Kulit di punggung tengahku berdesir dengan api di tempat yang sulit dijangkau antara tali bra dan tulang ekor yang membuat bahkan orang yang paling bersendi ganda meregangkan tubuhnya melebihi beberapa inci dari kapasitasnya untuk meredakan gatal dengan garukan lega. Saya meraih dan meraih, berharap ujung kuku saya yang pendek dan alami bisa menyerempet epidermis saya yang meradang untuk mengatasi benjolan kecil yang muncul dalam semalam. Begitu saya akhirnya berhasil mengubah posisi saya untuk meredakan kekhawatiran saya, saya berjalan ke kamar mandi saya untuk melihat kerusakan punggung saya di cermin.
Pada pemeriksaan awal saya, saya melihat apa yang tampak seperti ruam merah. Sebagai seseorang yang menderita eksim, Saya mendiagnosis diri sendiri dan masuk ke mobil saya untuk pergi ke dokter umum saya untuk krim hidrokortison tingkat resep yang saya yakin saya butuhkan. Sepanjang perjalanan, saya menggosok punggung saya yang mengenakan T-shirt katun ke bagian belakang kursi saya, menggaruk dan mengemudi sepanjang jalan.
Saya melihat GP relatif cepat. Dia tidak memberi saya diagnosis; dia tidak yakin itu eksim, dan dia tidak yakin itu bukan. Dia meresepkan krim yang saya minta dan menyuruh saya untuk merasa lebih baik. Aku tersenyum dengan gigi terkatup dan kemudian berjalan dengan bahu-membahu melewati lorong, mencoba menggaruk gatal yang hampir tidak bisa kucapai tanpa mempermalukan diriku sendiri di depan umum.
Seminggu berlalu. Kekesalanku bertambah. Kulit di punggung saya menolak untuk mematuhi salep obat. Di cermin, alih-alih sedikit ruam merah, saya melihat dua garis berbeda di mana petak-petak kulit saya berwarna merah, dengan tonjolan-tonjolan yang terangkat, saya dengan senang hati menggaruk luka terbuka. Saya kembali ke dokter umum.
"Ini sangat berbeda dari minggu lalu," katanya.
"Aku tahu," kataku, dengan wajah datar yang berbunyi, tidak apa-apa, Sherlock!
"Beri aku waktu sebentar," katanya melangkah keluar dari ruangan.
Sekembalinya, dia membawa dokter lain bersamanya. Mereka berdua menilai punggungku yang meradang lalu menyimpulkan, “Anda memiliki herpes zoster.”
Apa-apaan itu? Saya berkata dengan keras, "Apa itu?"
"Apakah Anda menderita cacar air saat kecil?" Dokter saya bertanya.
"Ya. Ketika saya berusia tujuh tahun.”
Dokter saya dan rekannya kemudian menjelaskan kepada saya bahwa sejak saya menderita cacar air saat kecil, virus yang menyebabkan wabah itu masih ada di dalam tubuhku. Hanya sekarang kemarahan itu terwujud di punggungku dalam bentuk herpes zoster, karena stres.
Aku mengangguk penuh pengertian. Pada saat kejelasan itu, bahkan kulit saya akhirnya menemukan kelegaan yang telah kami cari selama lebih dari delapan hari.
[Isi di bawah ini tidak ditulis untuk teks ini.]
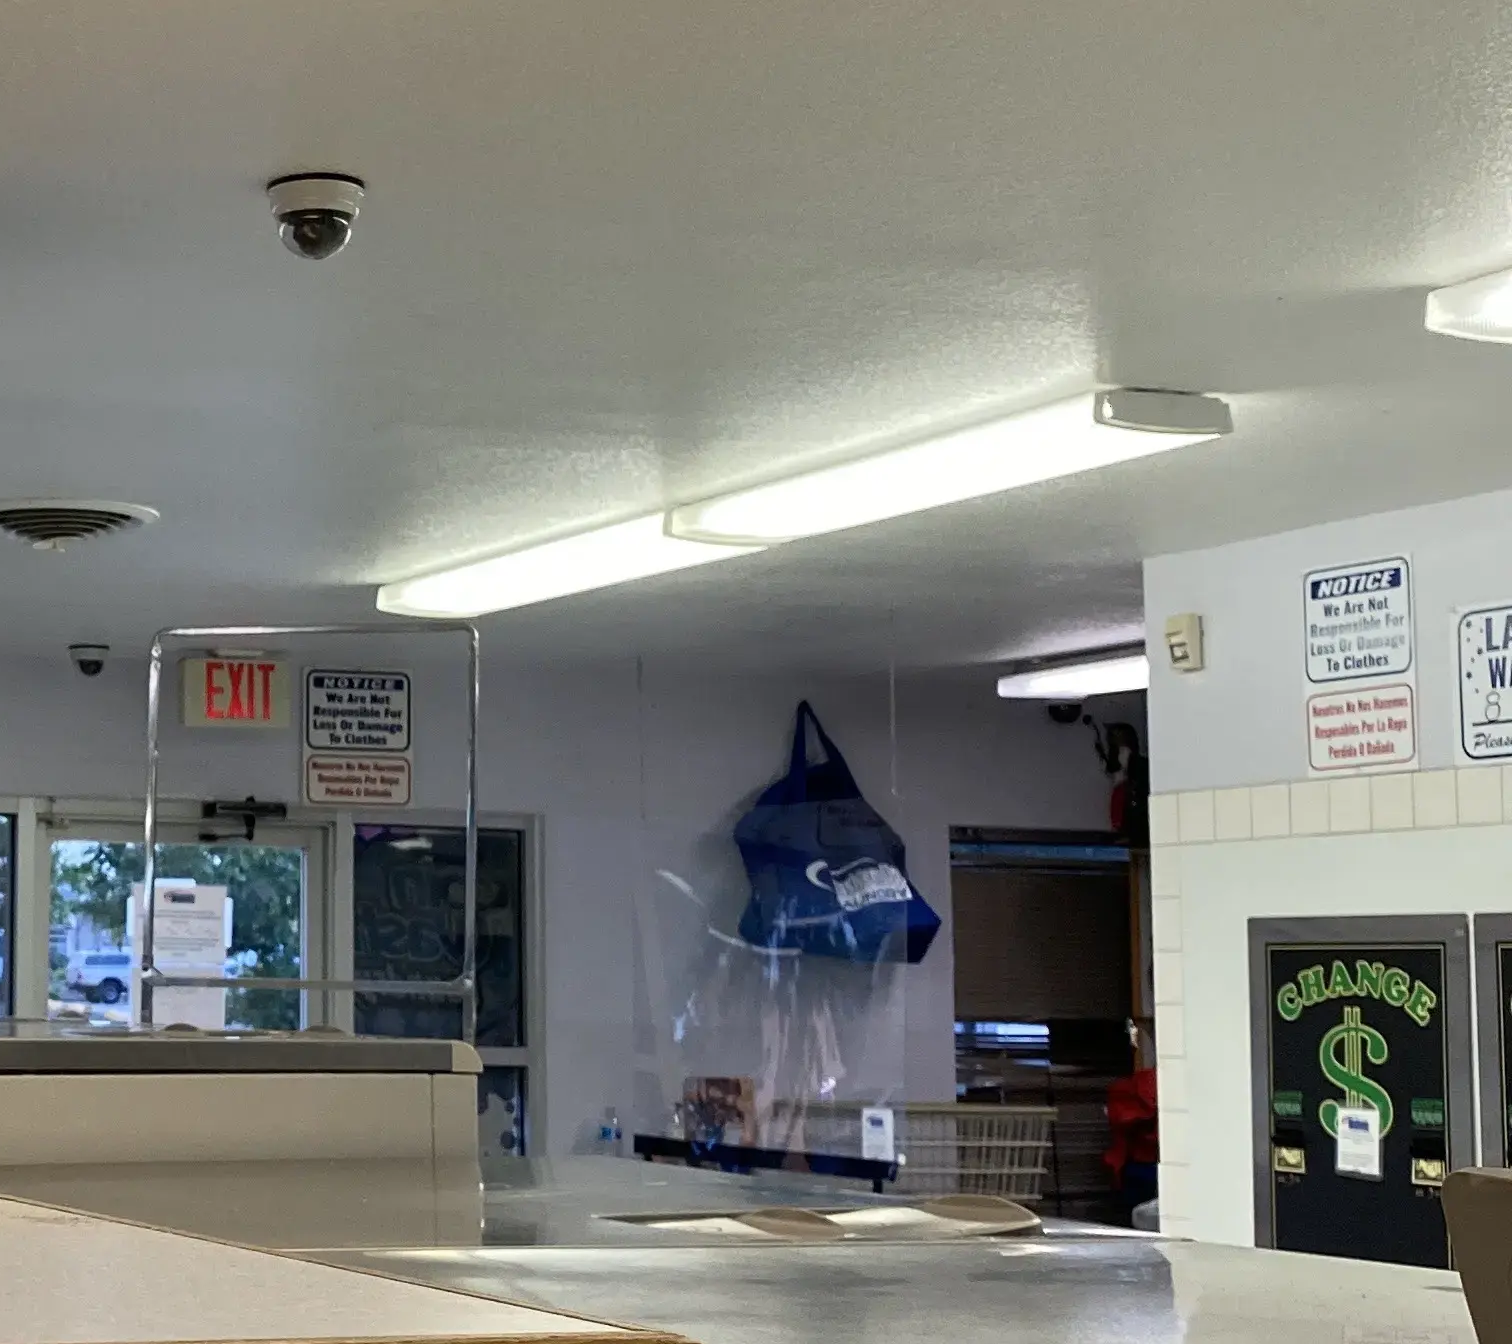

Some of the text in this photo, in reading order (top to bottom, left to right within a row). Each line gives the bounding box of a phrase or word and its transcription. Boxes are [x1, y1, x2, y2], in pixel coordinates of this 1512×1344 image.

[1317, 570, 1395, 599] NOTICE
[1323, 596, 1389, 617] We Are Not
[1310, 613, 1405, 638] Responsible For
[1310, 632, 1406, 656] Loss Or Damage
[1326, 653, 1389, 673] To Clothes
[205, 661, 276, 720] EXIT
[1277, 958, 1437, 1027] CHANGE
Pada usia 24 tahun, saya telah pecah di herpes zoster — suatu kondisi yang biasanya diasosiasikan dengan orang berusia 60 tahun atau lebih — karena saya sangat stres. Saya mengenakan pakaian dalam katun dan berkeringat, bermandikan oatmeal dan mengoleskan losion kalamin di mana-mana yang terasa gatal selama dua minggu berikutnya. Tidak ada lagi yang bisa dilakukan dokter untuk saya. Tidak ada lagi yang bisa saya lakukan untuk diri saya sendiri. Saya stres karena hubungan yang saya coba selamatkan dengan putus asa. Saya meneleponnya, meneriakinya karena membuat saya stres, dan memberi tahu dia diagnosisnya. Yang bisa dia lakukan hanyalah menawarkan permintaan maaf dan basa-basi. Yang bisa saya lakukan hanyalah menggaruk, menangis, dan mencoba menenangkan diri.
Itu sepuluh tahun yang lalu.
Saya telah stres sejak itu: karena pekerjaan, anak saya, hubungan saya - tapi untungnya herpes zoster tidak muncul kembali di kulit saya. Namun, saya selalu menyimpan pengalaman itu di benak saya sebagai pengingat apa yang dapat dan akan dilakukan tubuh saya untuk mendapatkan perhatian saya jika saya tidak mendengarkan tanda-tanda lain yang mengatakan, “Kak, kamu stres. Pergi mencarikanmu relaksasi. ”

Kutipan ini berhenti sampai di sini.